Indonesien-Information Nr. 1/2006 (Osttimor)

Unsicherheit und Angst in Dili

von José Caetano Guterres

Wenige Tage vor Ausbruch der Unruhen greift in Osttimors Bevölkerung Panik um sich. Zu Tausenden verlassen Bewohner die Hauptstadt Dili.


Nach den gewaltsamen Unruhen am 28. April 2006 haben wir in Dili eine Woche der Unsicherheit, Gewalt, extremer Angst, Hunderten von Gerüchten, verzweifelter Anrufe über Handy, großer Unsicherheit und Anspannung erlebt. Ich hatte den Eindruck, unser Land steht am Rande eines Staatsstreiches. Im folgenden möchte ich gerne ein paar Hintergründe zur Situation geben und beschreiben, was in den letzten Wochen passiert ist.

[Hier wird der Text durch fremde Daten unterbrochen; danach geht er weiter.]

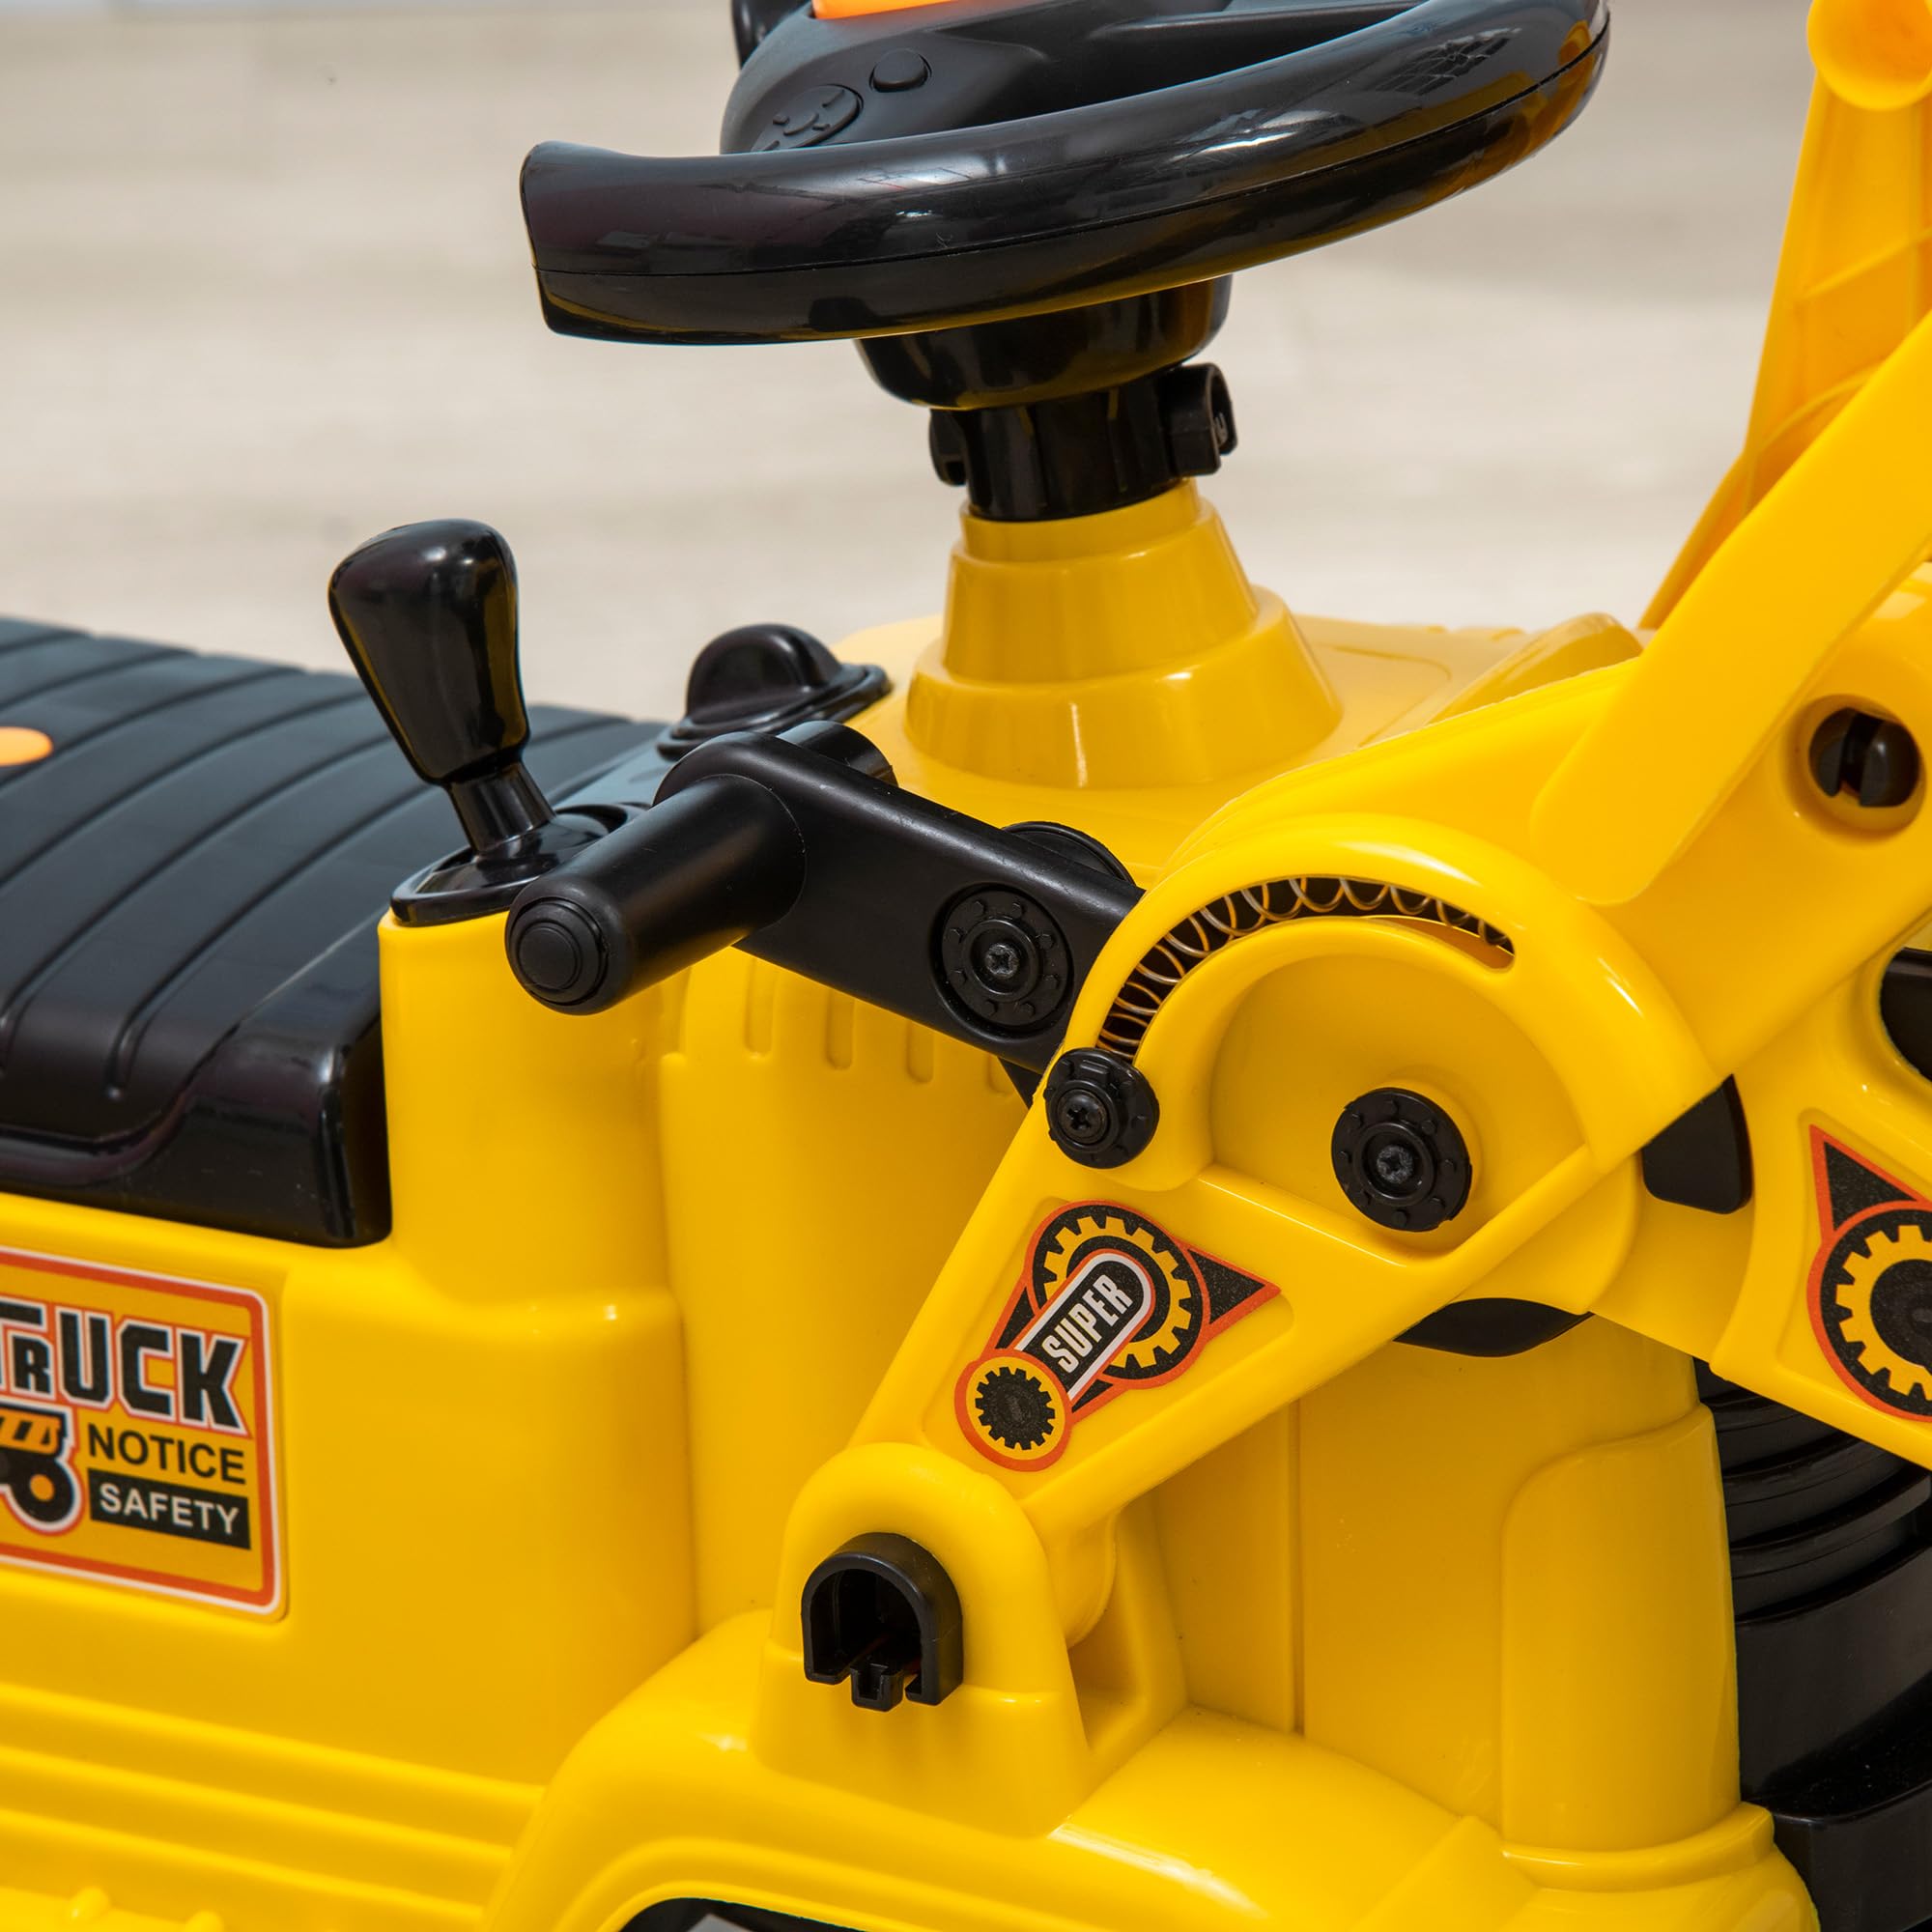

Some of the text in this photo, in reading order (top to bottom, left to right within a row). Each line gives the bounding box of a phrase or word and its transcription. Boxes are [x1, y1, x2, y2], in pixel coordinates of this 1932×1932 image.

[1041, 1273, 1133, 1374] SUPER
[87, 1423, 246, 1485] NOTICE
[99, 1483, 240, 1535] SAFETY

Am 24. April 2006 hatte eine Gruppe der 595 aus der Armee (Forças de Defesa de Timor Leste, FDTL) entlassenen Soldaten eine einwöchige Demonstration vor dem Regierungssitz in Dili begonnen. Es waren über 1.000 Leute, einschließlich Familienangehöriger der Soldaten und Unterstützer. Die entlassenen Soldaten kommen aus zehn Distrikten (Covalima, Bobonaro, Ermera, Manatuto, Ainaro, Dili, Manufahi und Oecusse), die als „Westen“ in Osttimor bezeichnet werden.

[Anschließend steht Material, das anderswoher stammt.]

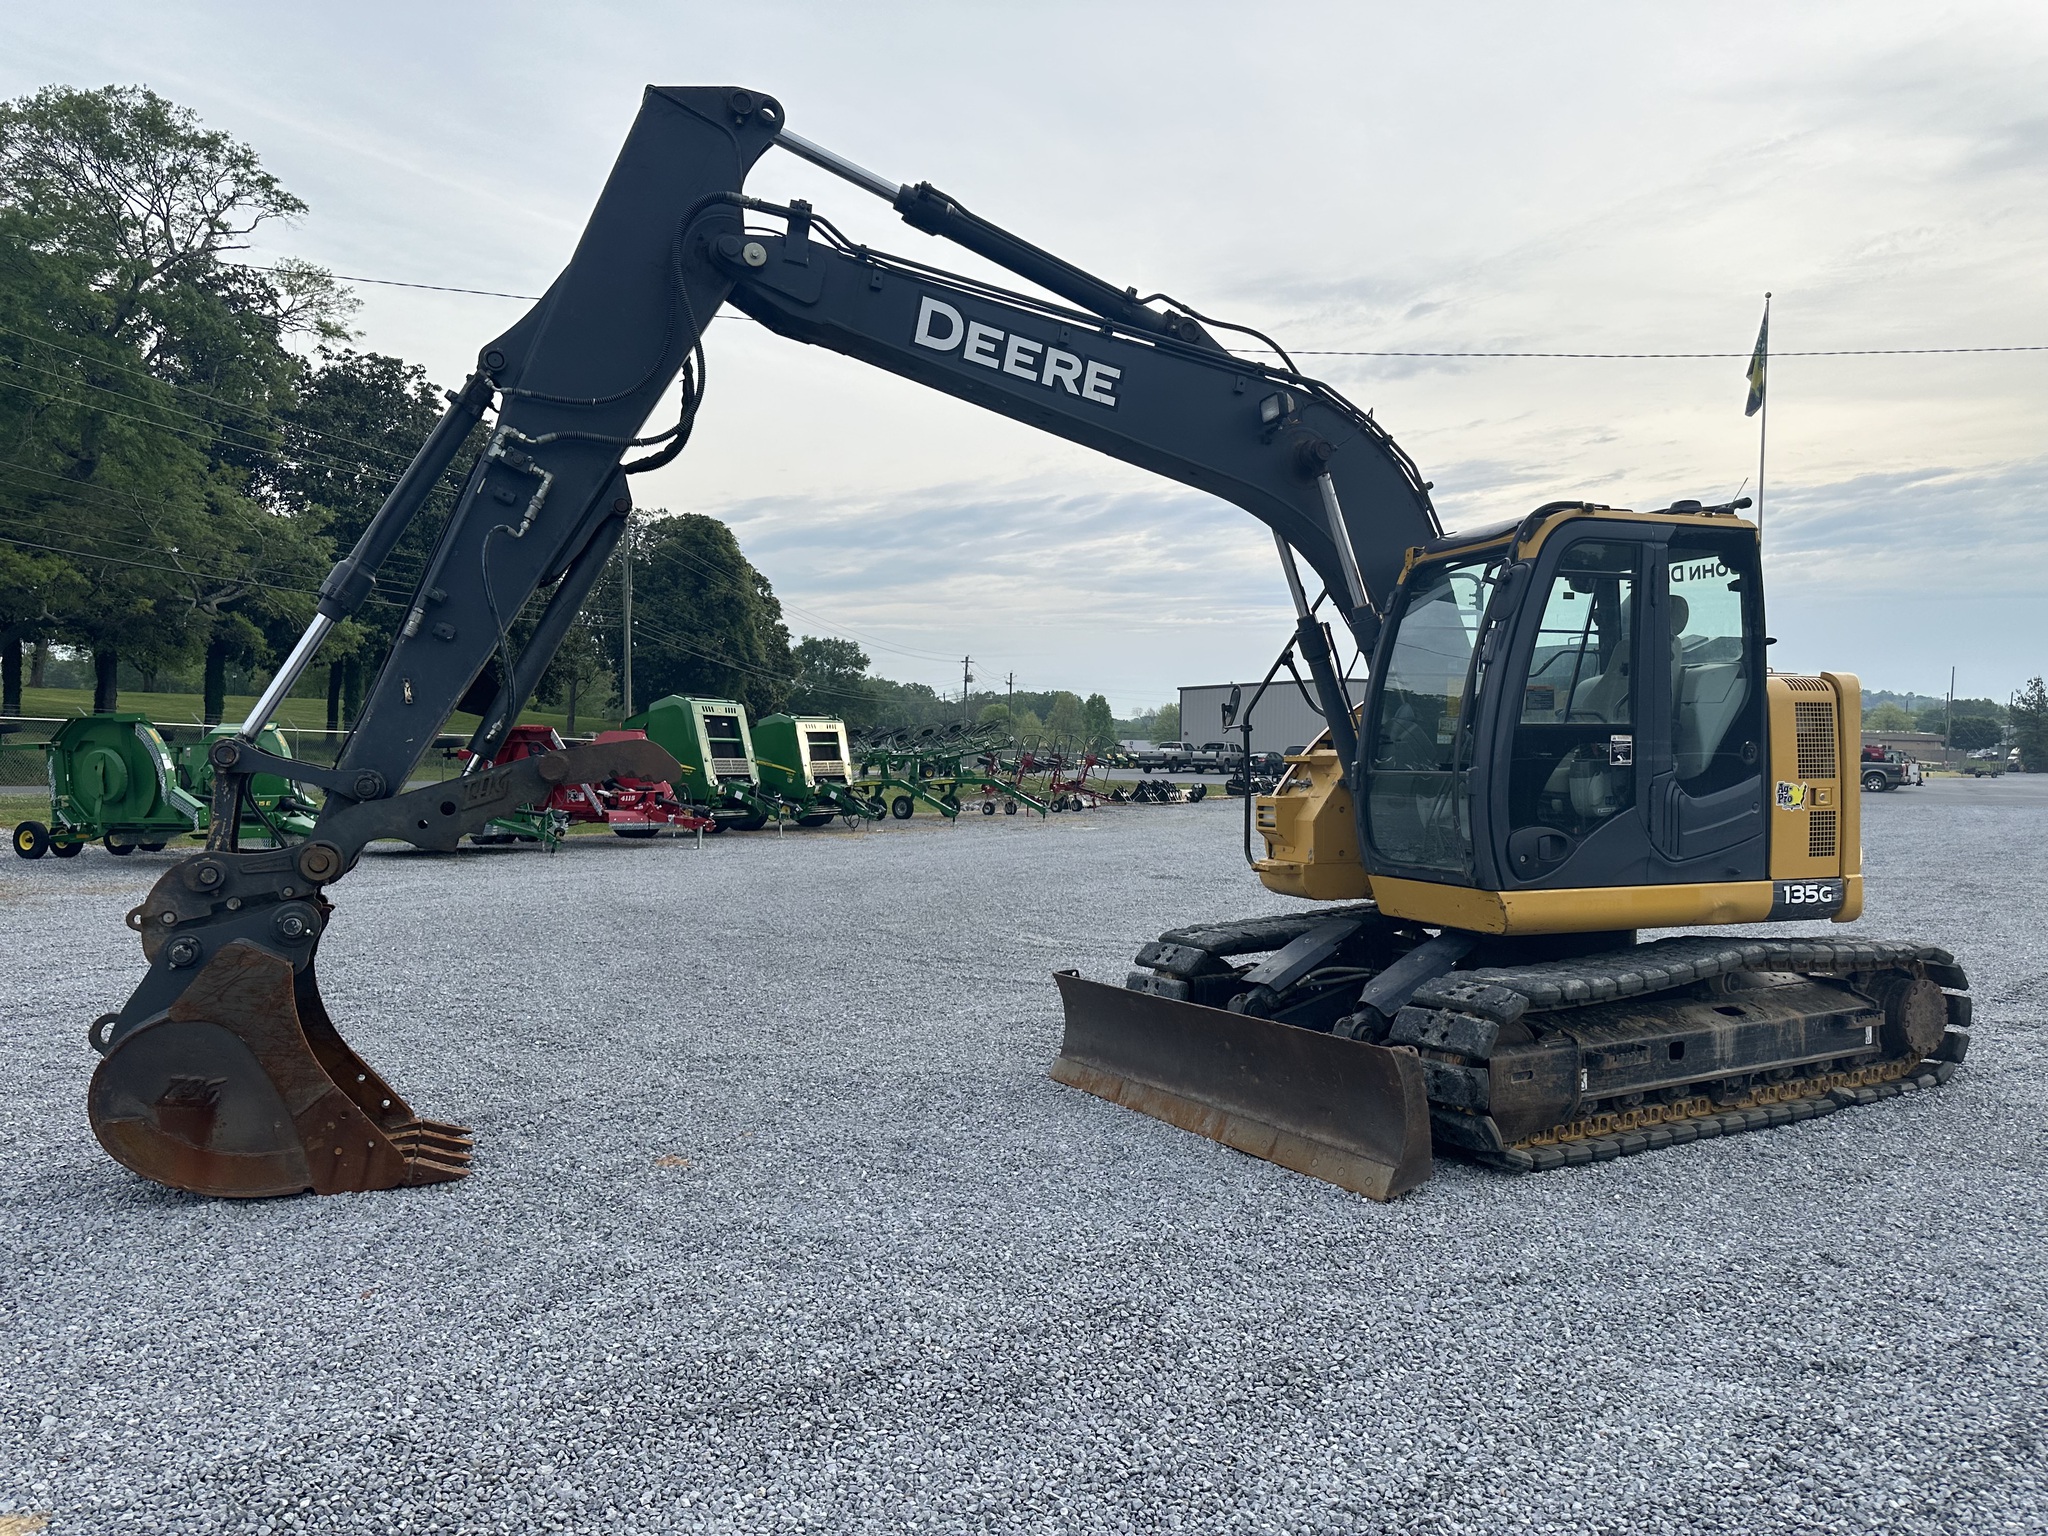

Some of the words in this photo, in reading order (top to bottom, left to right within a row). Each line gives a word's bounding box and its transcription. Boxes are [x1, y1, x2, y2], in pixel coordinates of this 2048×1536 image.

[914, 296, 1121, 407] DEERE
[1777, 794, 1793, 803] Pro
[1783, 885, 1833, 904] 135G

Die Demonstranten forderten die Regierung auf, die Diskriminierung in den Streitkräften zu beenden; sie behaupten, die Führung der FDTL würde Soldaten aus dem „Osten“ (Baucau, Viqueque und Lautem) bei Beförderungen bevorzugen. Angeblich soll einer der FDTL Führer erklärt haben, dass diejenigen aus dem „Westen“ zum 24 Jahre währenden Widerstand nichts beigetragen hätten. Im Februar und März gab es bereits zwei Protestaktionen, zu denen einige Soldaten aus dem „Westen“ die Kasernen verließen. Letztlich gab der Brigadegeneral und Leiter der Streitkräfte, Taur Matan Ruak, am 17. März die Entlassung der Soldaten bekannt, zu einem Zeitpunkt, wo Präsident Xanana Gusmão auf Auslandsreise war. Bei seiner Rückkehr erklärte Xanana, dass er als Präsident mit dieser Entscheidung nicht einverstanden sei, wohl aber als Oberkommandierender der Streitkräfte. Diese Erklärung löste unter der Bevölkerung Panik aus und einige Menschen flohen aus Dili. Die Situation war anhaltend aufreibend und unsicher.

Am 24. April 2006 begann schließlich die Demonstration und war bis zum 28. April angesetzt. So wie ich es verstanden habe, hatten die Demonstranten dazu die Erlaubnis der Polizei und arbeiteten mit ihr zusammen, um sicher zu gehen, dass die Aktion friedlich verlief. Die Protestler campierten fünf Tage lang vor dem Regierungssitz. Am Donnerstag, dem 27. April, gab die Regierung bekannt, dass sie eine Kommission gebildet habe, um die Anschuldigungen der entlassenen Soldaten zu untersuchen. Dieses Angebot wurde von den Soldaten zurückgewiesen.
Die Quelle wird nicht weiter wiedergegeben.